United States District Court, District of Idaho
Aug 7, 2024
1:23-cv-00583-BLW (D. Idaho Aug. 7, 2024)

Opinion

1:23-cv-00583-BLW

08-07-2024

STEPHEN FLOYD ULLRICH,[1] Plaintiff, v. IDAHO BOARD OF CORRECTION, Defendant.


INITIAL REVIEW ORDER BY SCREENING JUDGE

B. Lynn Winmill U.S. District Court Judge.

Stephen Floyd Ullrich prepared and signed a prisoner pro se civil rights Complaint seeking class action status in this access-to-courts case. Dkt. 1. He submitted Affidavits of three inmates who believe they have suffered similar damages: Wayne D. Merkley, George Crider, and Roger Ehler. Id. Mr. Merkley submitted Mr. Ullrich's Complaint for filing. Dkt. 1-1, p. 2. Mr. Ullrich is subject to a Case Management Order that requires him to seek authorization before filing a new case in federal court. See Case 1:20-cv-00035-DCN, Ullrich v. Idaho State Courts (“Case 35”). He did not follow his Case 35 Management Order for this filing. Because no other inmate signed the Complaint drafted and signed by Mr. Ullrich, the Court considers it as only Mr. Ullrich's Complaint.
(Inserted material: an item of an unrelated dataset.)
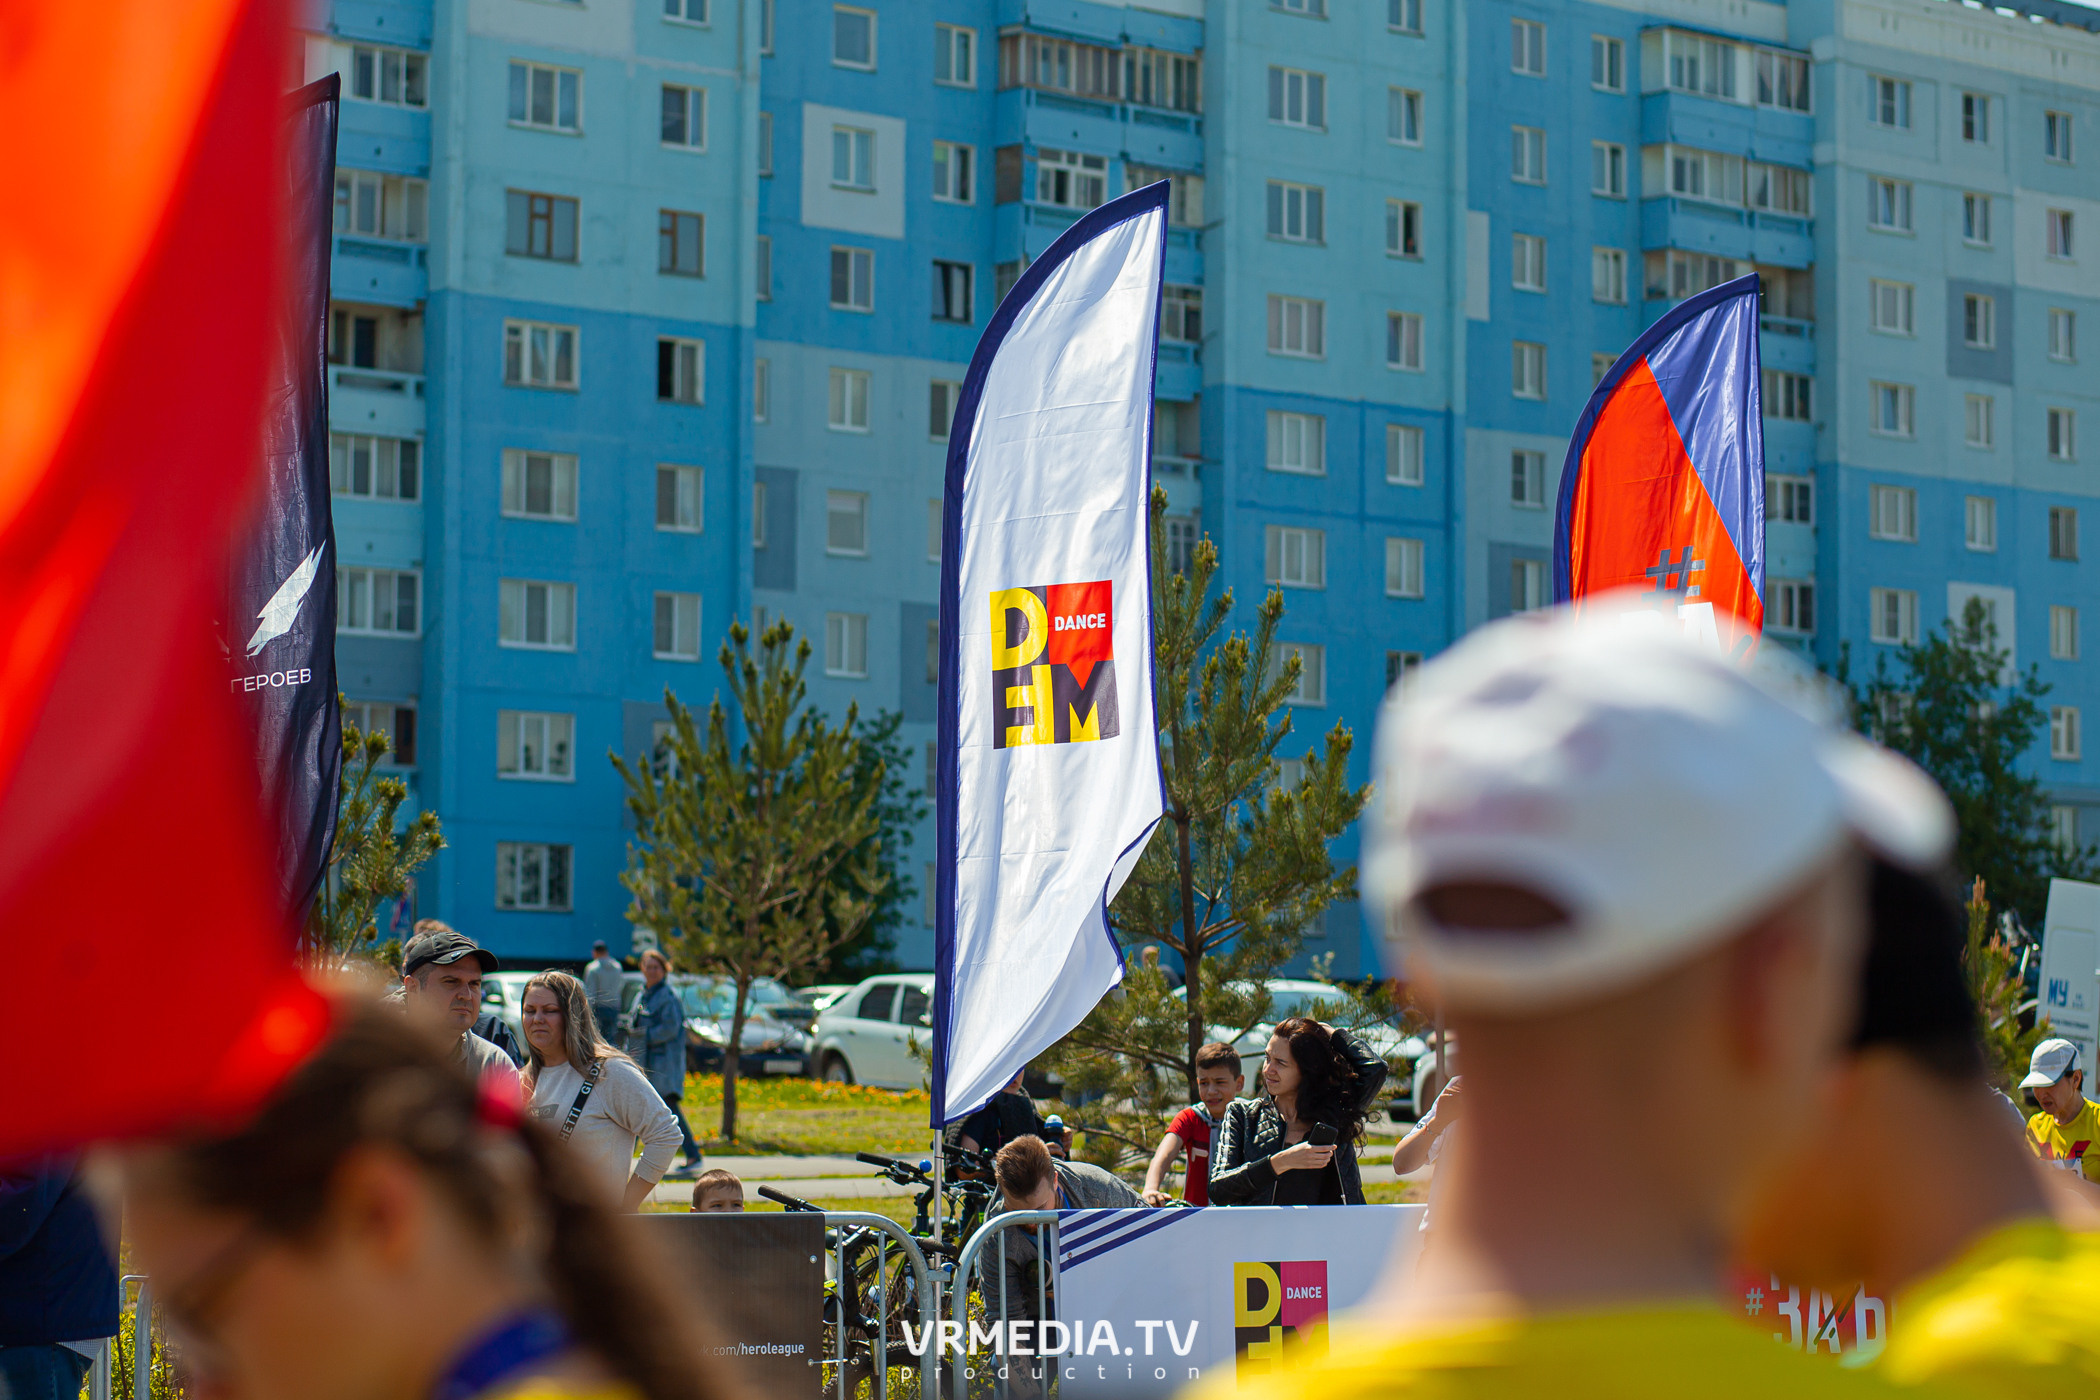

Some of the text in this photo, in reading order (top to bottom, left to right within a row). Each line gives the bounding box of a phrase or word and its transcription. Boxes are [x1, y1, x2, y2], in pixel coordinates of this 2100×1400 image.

[1054, 613, 1107, 632] DANCE
[231, 668, 312, 693] ГЕРОЕВ
[1286, 1286, 1322, 1300] DANCE
As the Court will explain, because Mr. Ullrich did not comply with the Case Management Order and await a ruling on his Request for Authorization to File, his claims will be dismissed without prejudice. Because Mr. Merkley is already pursuing similar claims in a different pending lawsuit, he will be required to bring all of his claims in that case. If Mr. Crider and Mr. Ehler desire to proceed, they must (1) file a new complaint and (2) pay the filing fee or submit an application to proceed in forma pauperis.

REVIEW OF COMPLAINT

1. Standard of Law for Screening Complaints

A complaint must contain “a short and plain statement of the claim showing that the pleader is entitled to relief.” Fed.R.Civ.P. 8(a)(2). This means “a complaint must contain sufficient factual matter, accepted as true, to ‘state a claim to relief that is plausible on its face.'” Ashcroft v. Iqbal, 556 U.S. 662, 678 (2009) (quoting Bell Atlantic Corp. v. Twombly, 550 U.S. 544, 570 (2007)). A claim has facial plausibility when the plaintiff “pleads factual content that allows the court to draw the reasonable inference that the defendant is liable for the misconduct alleged,” id. (quoting Twombly, 550 U.S. at 556), or provides sufficient facts “to raise a reasonable expectation that discovery will reveal evidence of” the defendant's wrongdoing. Twombly, 550 U.S. at 556. A pleading that offers merely “labels and conclusions” or “a formulaic recitation of the elements of a cause of action will not do.” Iqbal, 556 U.S. at 678 (citing Twombly, 550 U.S. at 555).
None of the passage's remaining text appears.